I have a friend, a mother of four grown children, who refers to the events of children coming and going as “little deaths.” She’s right, you know. It’s that tearing away.. and saying goodbye every time that feels like grief incarnate.
And it’s not because I don’t have a life, other interests or important people in my life. It’s not because I sit around all day dreaming about my children or wishing they were at my side. And no, it’s not because I am jealous of their lives or wish to exert control over them.

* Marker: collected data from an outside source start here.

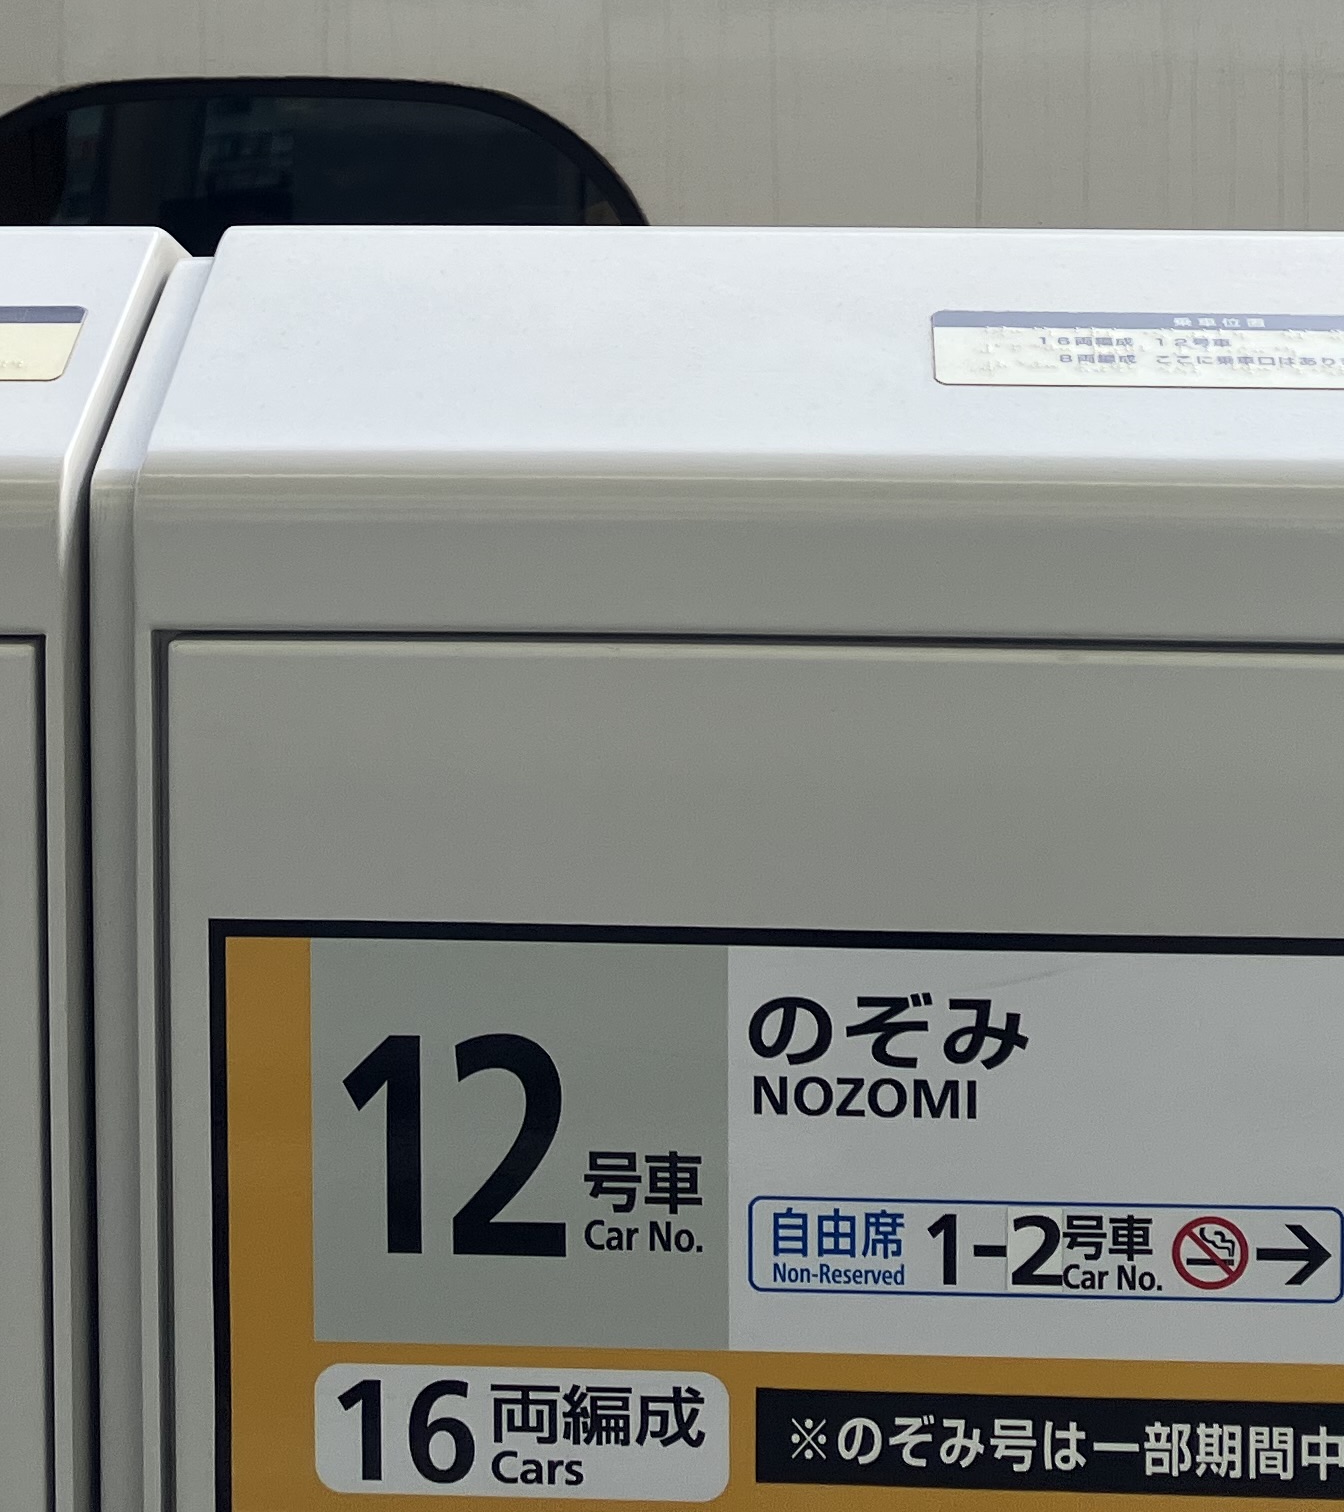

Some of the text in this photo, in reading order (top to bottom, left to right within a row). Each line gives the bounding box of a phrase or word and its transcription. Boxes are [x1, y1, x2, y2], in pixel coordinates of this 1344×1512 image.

[1173, 316, 1266, 329] 乗車位置
[749, 993, 1028, 1069] のぞみ
[754, 1076, 976, 1119] NOZOMI
[343, 1034, 702, 1257] 12 号車
[585, 1220, 702, 1252] Car No.
[774, 1209, 902, 1257] 自由席
[774, 1265, 903, 1284] Non-Reserved
[1062, 1264, 1163, 1291] Car No.
[338, 1380, 705, 1483] 16 両編成
[492, 1451, 583, 1485] Cars

It’s just that mother love is so different from any other kind of love. It’s unique in that it stays strong and deep and true..it doesn’t really evolve. It just is. In every person’s life.. mates, friends and others come and go.. but a mother is tied physically and emotionally to her child in a way that creates an impenetrable bond for her. It doesn’t matter who else is around or who else they love, a mother will almost always experience this ongoing depth of feeling for her son or daughter.

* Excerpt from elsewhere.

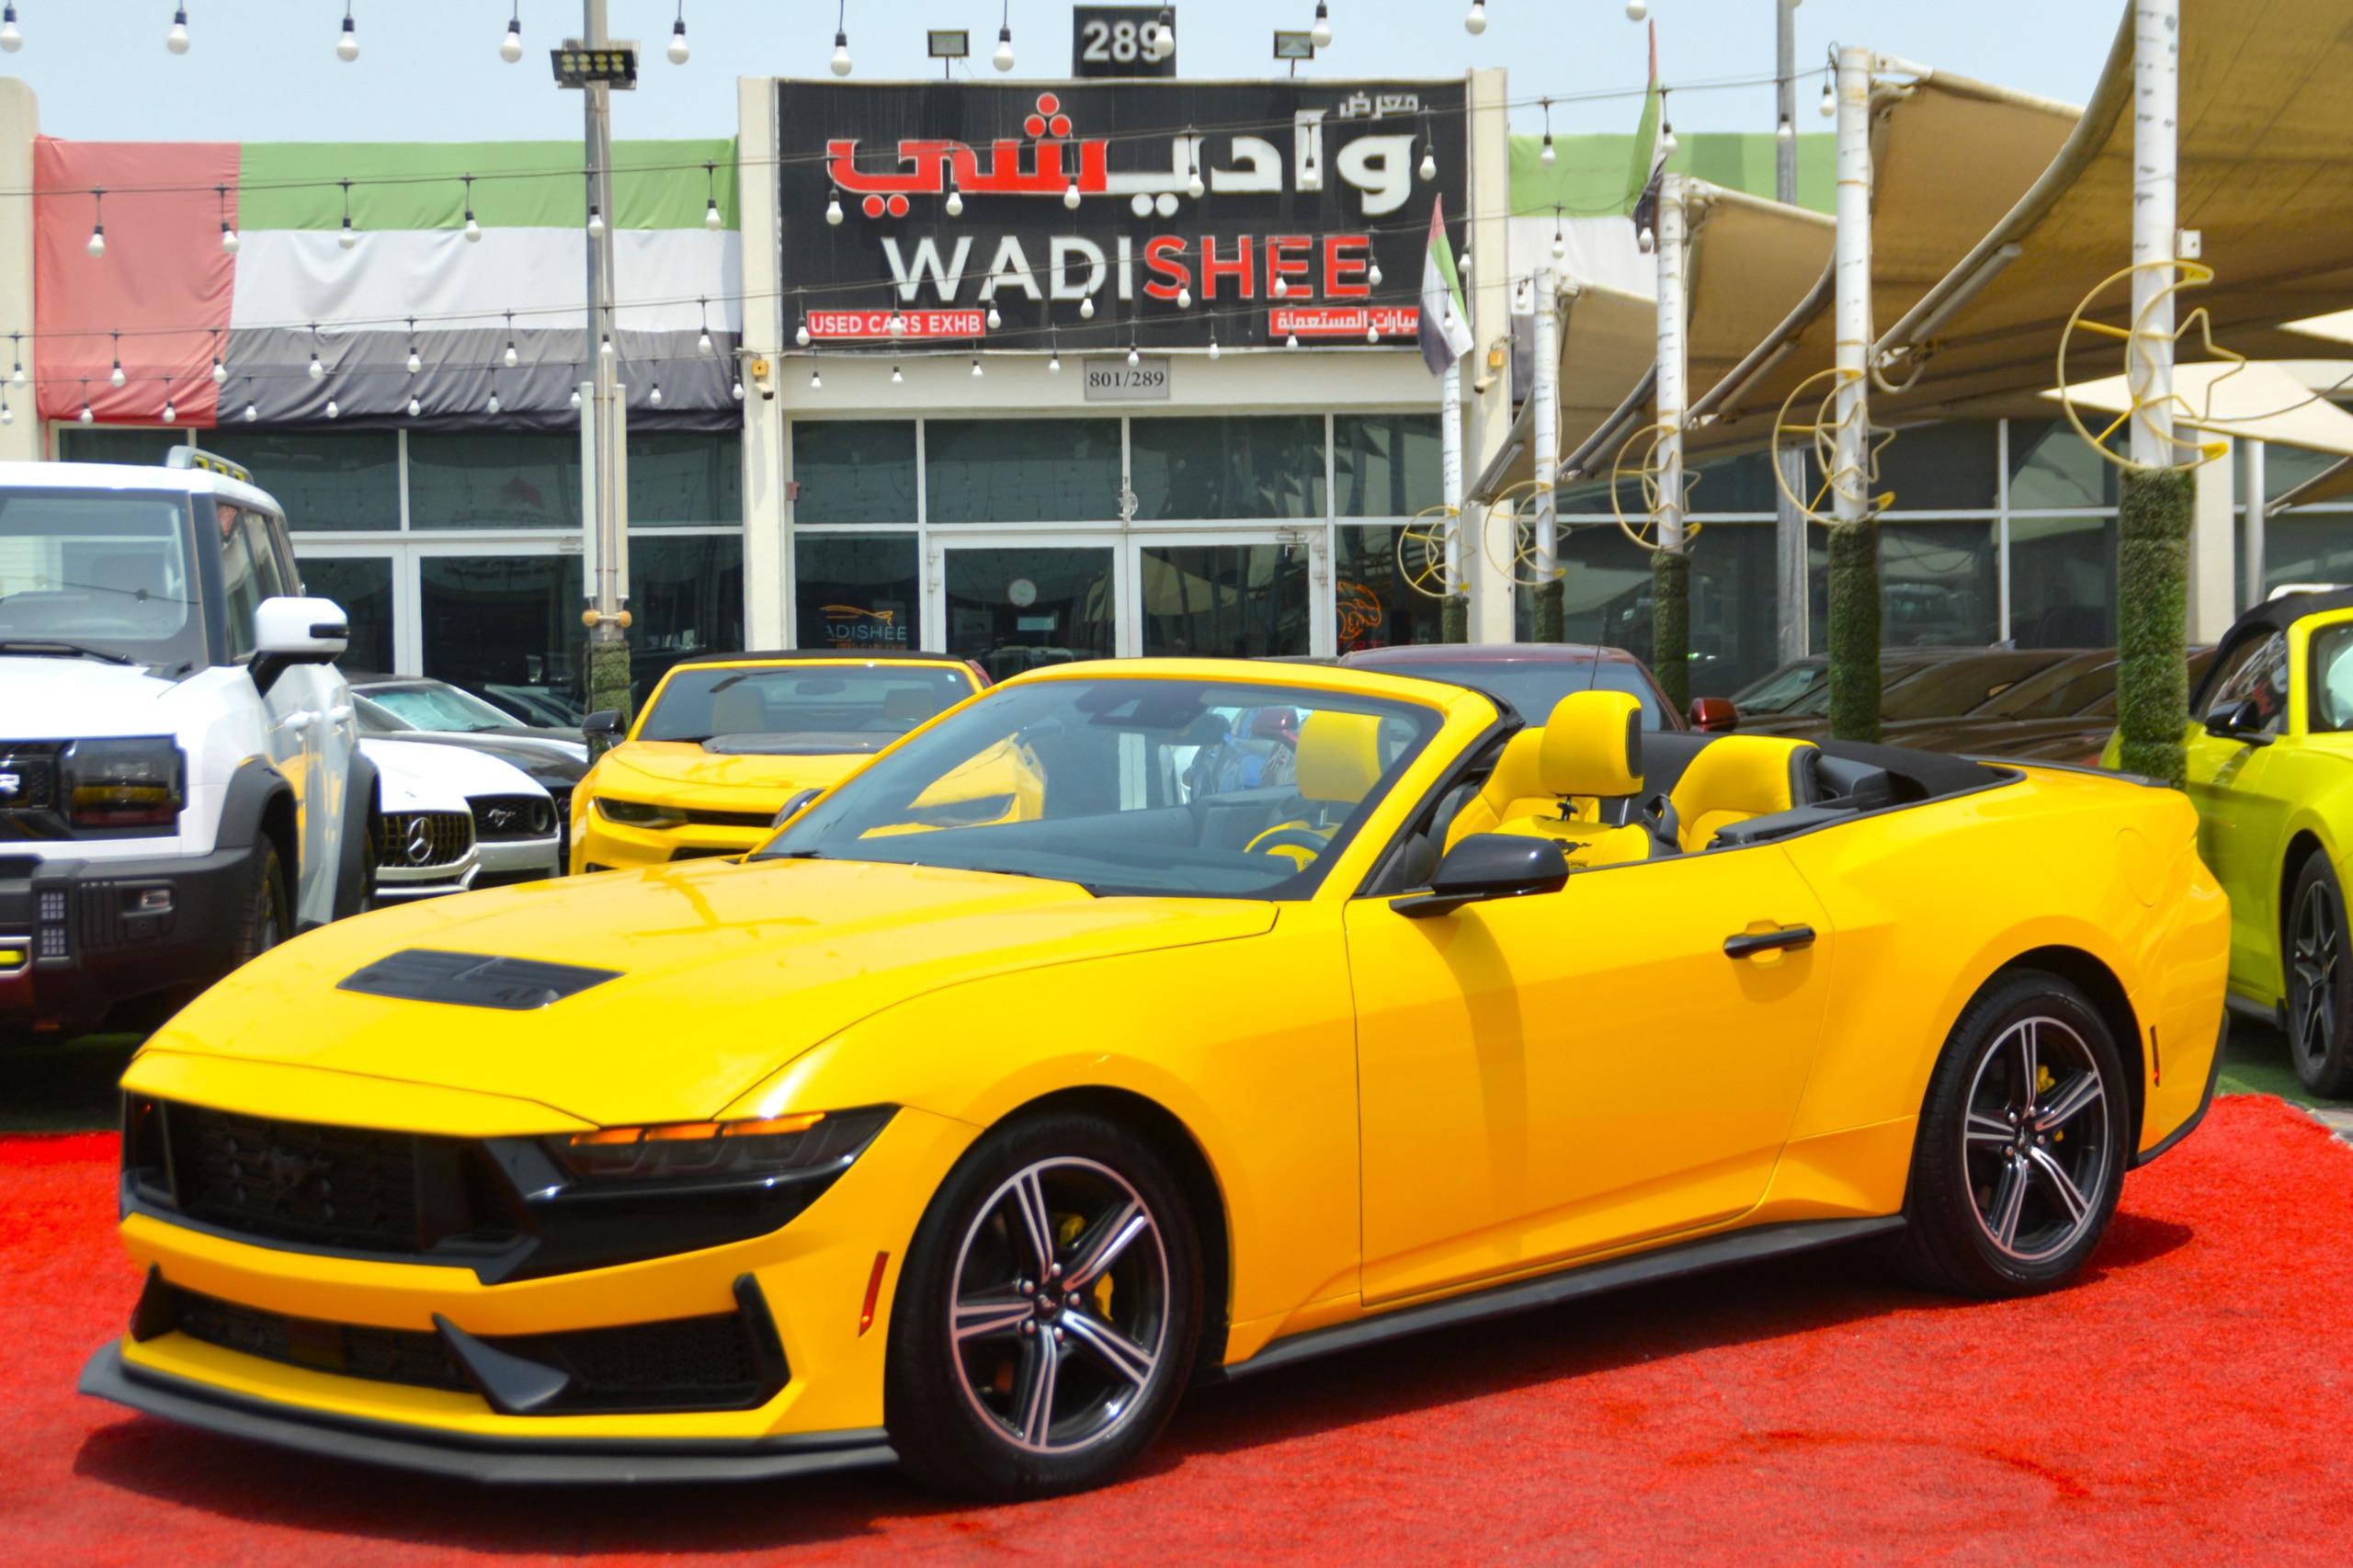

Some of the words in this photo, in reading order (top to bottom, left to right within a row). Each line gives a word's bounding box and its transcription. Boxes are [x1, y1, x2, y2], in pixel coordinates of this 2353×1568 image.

I know of mothers who don’t feel this way. They have children, they raise them.. and they even love them. They just aren’t attached to them. Sometimes mothering just doesn’t ‘take’ with certain women.
But I’m not talking about them. I think they represent a relatively small sector of the maternal population. Most of us are crazy in love with our kids.
A mother can be, and often is.. a child’s best friend, even a confidant. But her offspring will evolve, grow.. and develop other lasting and meaningful relationships–usually with a spouse and children. Once again, it’s right and good.. and you rejoice and then you cry because your child never feels the attachment like you feel it-at least they don’t feel it for you.
It’s sort of like having a crush on a rock star you never outgrow and that is never fulfilled. You have to learn to live with it.
I believe grown children love their parents in new and different ways. They begin to finally understand the cycle. Daughters in turn will get to experience that fierce mother love.. that longing and intensity for another person who can never return it in just that way.
Oye, the emotion.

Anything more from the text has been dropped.